Can please clarify the meaning of "a page". Are you saying that when any web page opens her web browser, that it has a black border? If so, can you please let us know what browser she is using.

Otherwise, is her desktop backround (wallpaper) totally visible but just shrunk down to show the black border. If so it may be a matter of adjusting the size and position controls on the monitor to fill the screen.


----------



## Cheryl (Jul 20, 2001)

She has Internet Explorer as a browser. Even when she maximizes her page - it still has the black border around it. Her desktop does have the black border around it. It's on all four sizes but the right side has the most black border.


----------



## cwwozniak (Nov 29, 2005)

If the entire desktop is visible (nothing looks chopped off on any edge) is she able to adjust the video size and positioning controls to get a full screen?

If any of the edges of the desktop are chopped off or distorted, the monitor controls may be able to adjust enough to fix the problem. Otherwise, she may need to need to change her display properties settings to get an undistorted full screen of video. I am not familiar with Windows ME and have no idea exactly how to view and change those settings.


----------



## Cheryl (Jul 20, 2001)

The edges of her pages are NOT distorted. There is just a black border around the entire page. Even if she clicks on "maximize" the border still exists. 

Does anyone know how to change this in her "display properties"?


----------



## blues_harp28 (Jan 9, 2005)

Hi try right click on empty desktop>display properties>setting>move slider to the right to increase output resolution>apply>ok>reboot.


----------



## Cheryl (Jul 20, 2001)

I will try that on her machine tomorrow when I go to her house.

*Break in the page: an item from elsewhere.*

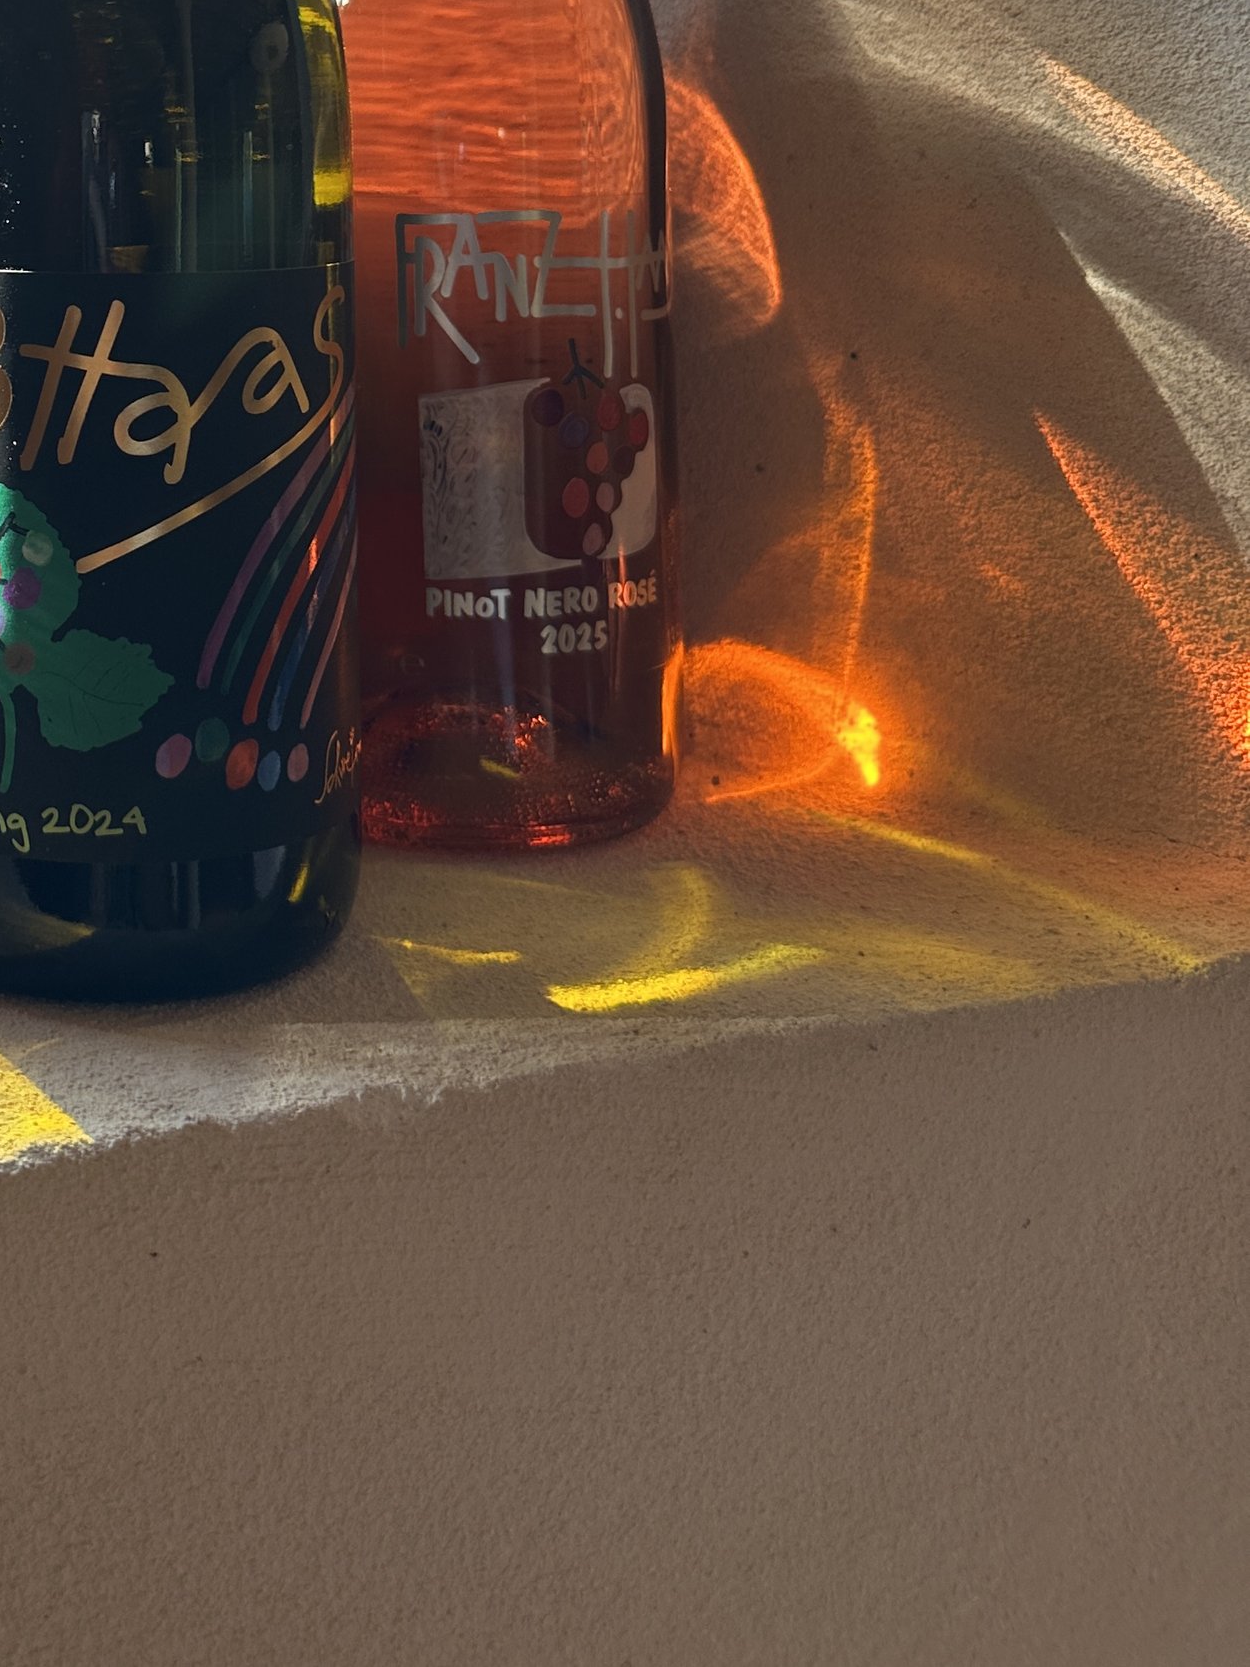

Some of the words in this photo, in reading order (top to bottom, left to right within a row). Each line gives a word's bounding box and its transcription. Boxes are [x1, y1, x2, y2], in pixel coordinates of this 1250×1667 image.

[523, 585, 599, 619] NERO
[540, 619, 608, 655] 2025
[41, 802, 148, 836] 2024
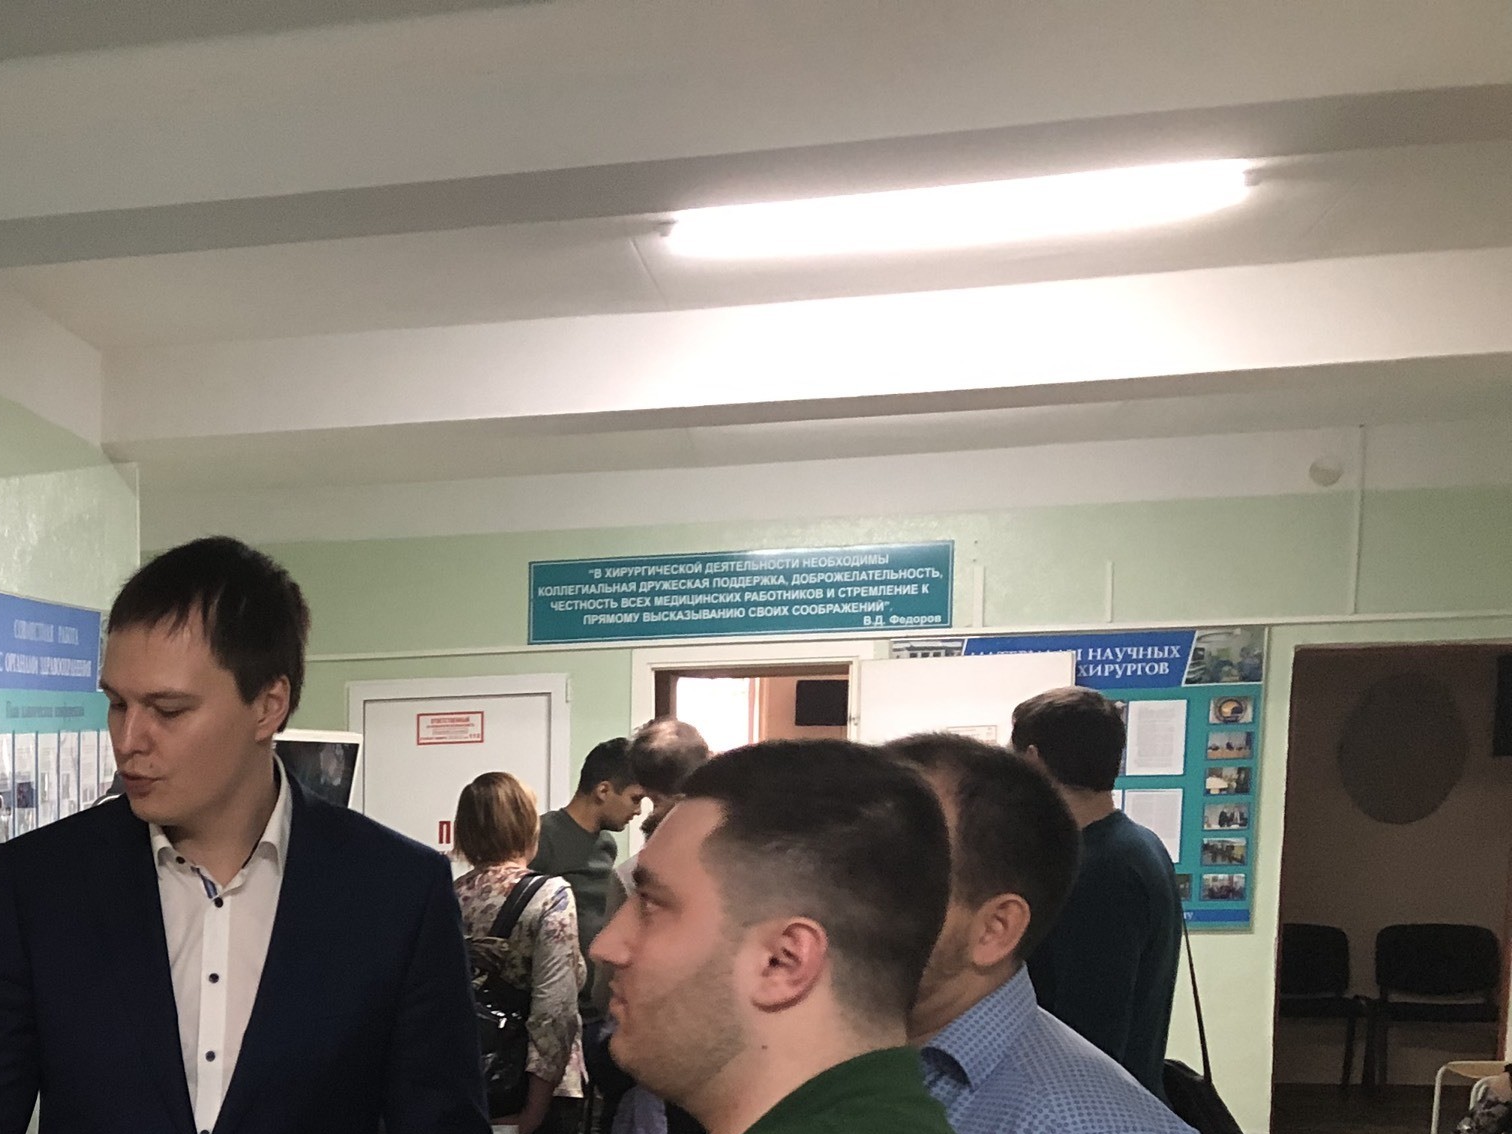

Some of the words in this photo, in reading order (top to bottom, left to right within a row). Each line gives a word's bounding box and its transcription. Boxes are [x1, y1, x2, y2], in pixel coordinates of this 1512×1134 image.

I did try it on my computer and when I increased it - it made everything smaller....


----------



## blues_harp28 (Jan 9, 2005)

Hi very strange..let us know how things pan out.


----------



## cwwozniak (Nov 29, 2005)

cwwozniak said:


> is she able to adjust the video size and positioning controls to get a full screen?


Just to clarify, I was referring to the video size and positioning controls that should be on the display itself, not any settings in the Window's Display properties control panel.


----------



## flavallee (May 12, 2002)

There should be buttons on the front or side of the monitor that allows you to expand what is displayed so you can fill in the entire monitor screen with what you are looking at. Going into the display properties and changing the resolution and refresh rate is not going to do it. Each monitor is different on how you make the setting changes. 

--------------------------------------------------------------------------------------


----------